Illustrirtes Familienblatt.Herausgeber Ernst Keil.


Wöchentlich bis 2 Bogen.0 Vierteljährlich 15 Ngr. – In Heften à 5 Ngr.



Im Hause der Bonaparte.

Historische Erzählung von Max Ring.
1.

An einem wunderbar schönen Octobertage des Jahres 1823, wie ihn nur der milde Himmel Italiens kennt, gingen zwei junge Künstler durch die Straßen Roms, um in einer der zahlreichen Osterien vor dem Thor eine frische Foglietta zu leeren und sich zugleich an der Aussicht auf die herrliche Landschaft und an dem lustigen Treiben des Volkes zu ergötzen.

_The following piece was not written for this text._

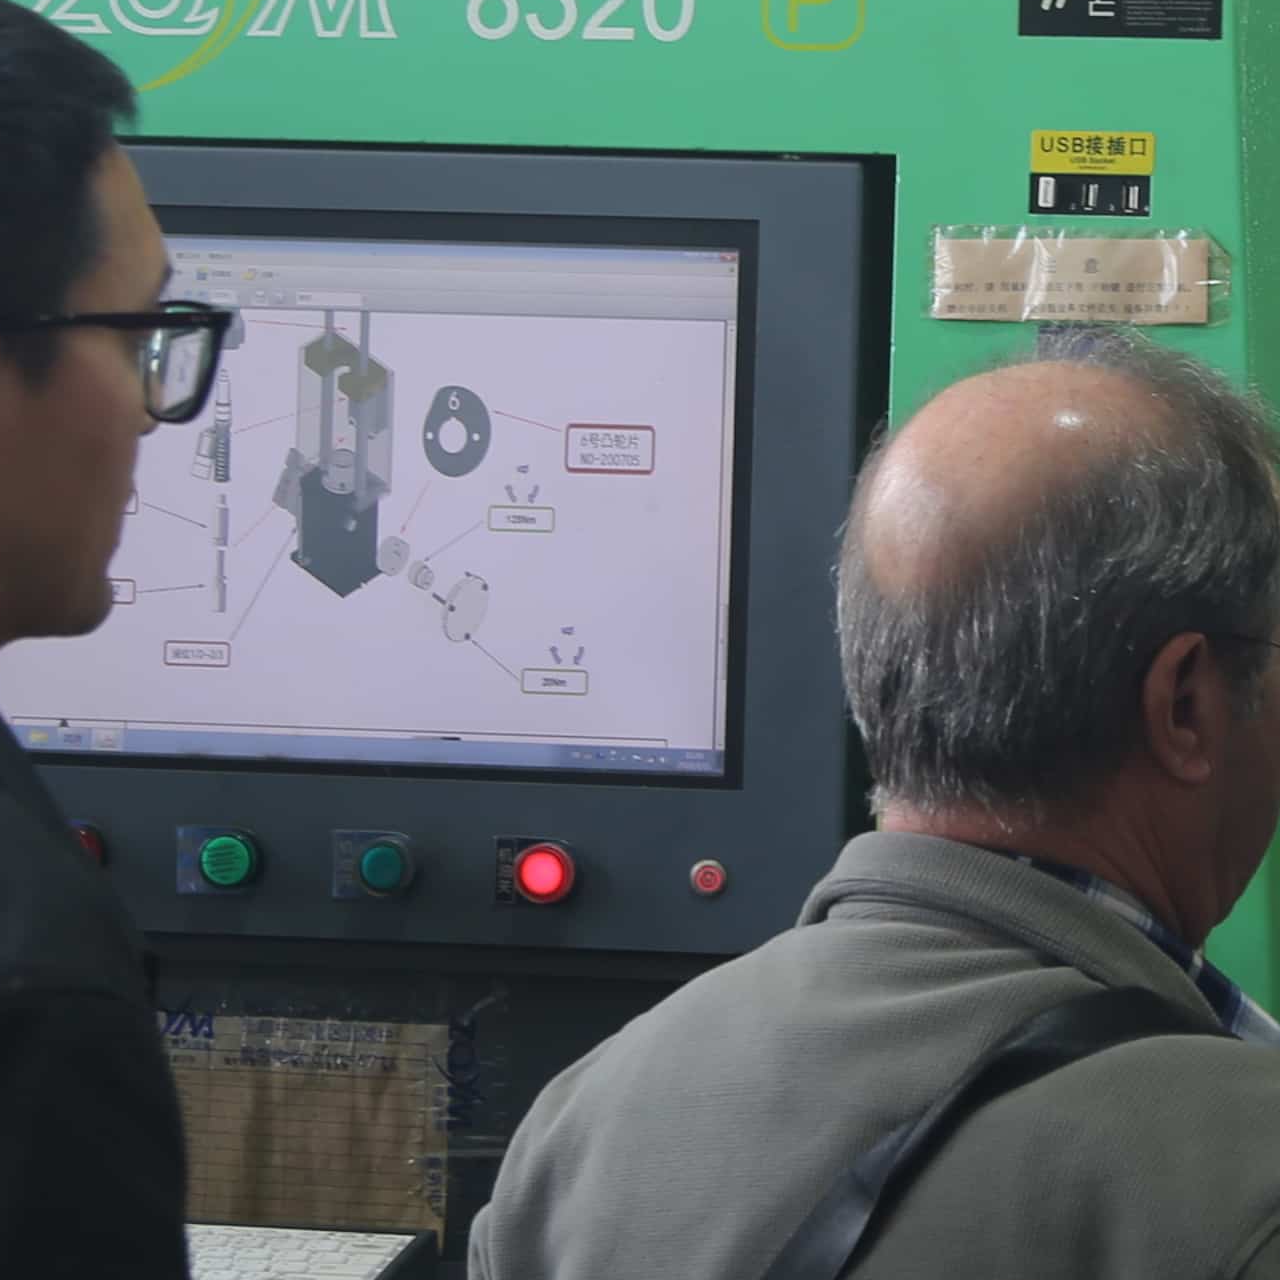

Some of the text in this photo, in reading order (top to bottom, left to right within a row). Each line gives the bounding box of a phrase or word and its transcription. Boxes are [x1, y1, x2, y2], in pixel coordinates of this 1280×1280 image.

Während der Jüngere, der Victor Schnetz hieß, seine französische Leichtblütigkeit nicht verleugnete, verriethen die mehr interessanten als schönen Züge seines älteren Begleiters, Namens Leopold Robert, einen tiefen, fast melancholischen Ernst, der sich auch in der geführten Unterhaltung kundgab.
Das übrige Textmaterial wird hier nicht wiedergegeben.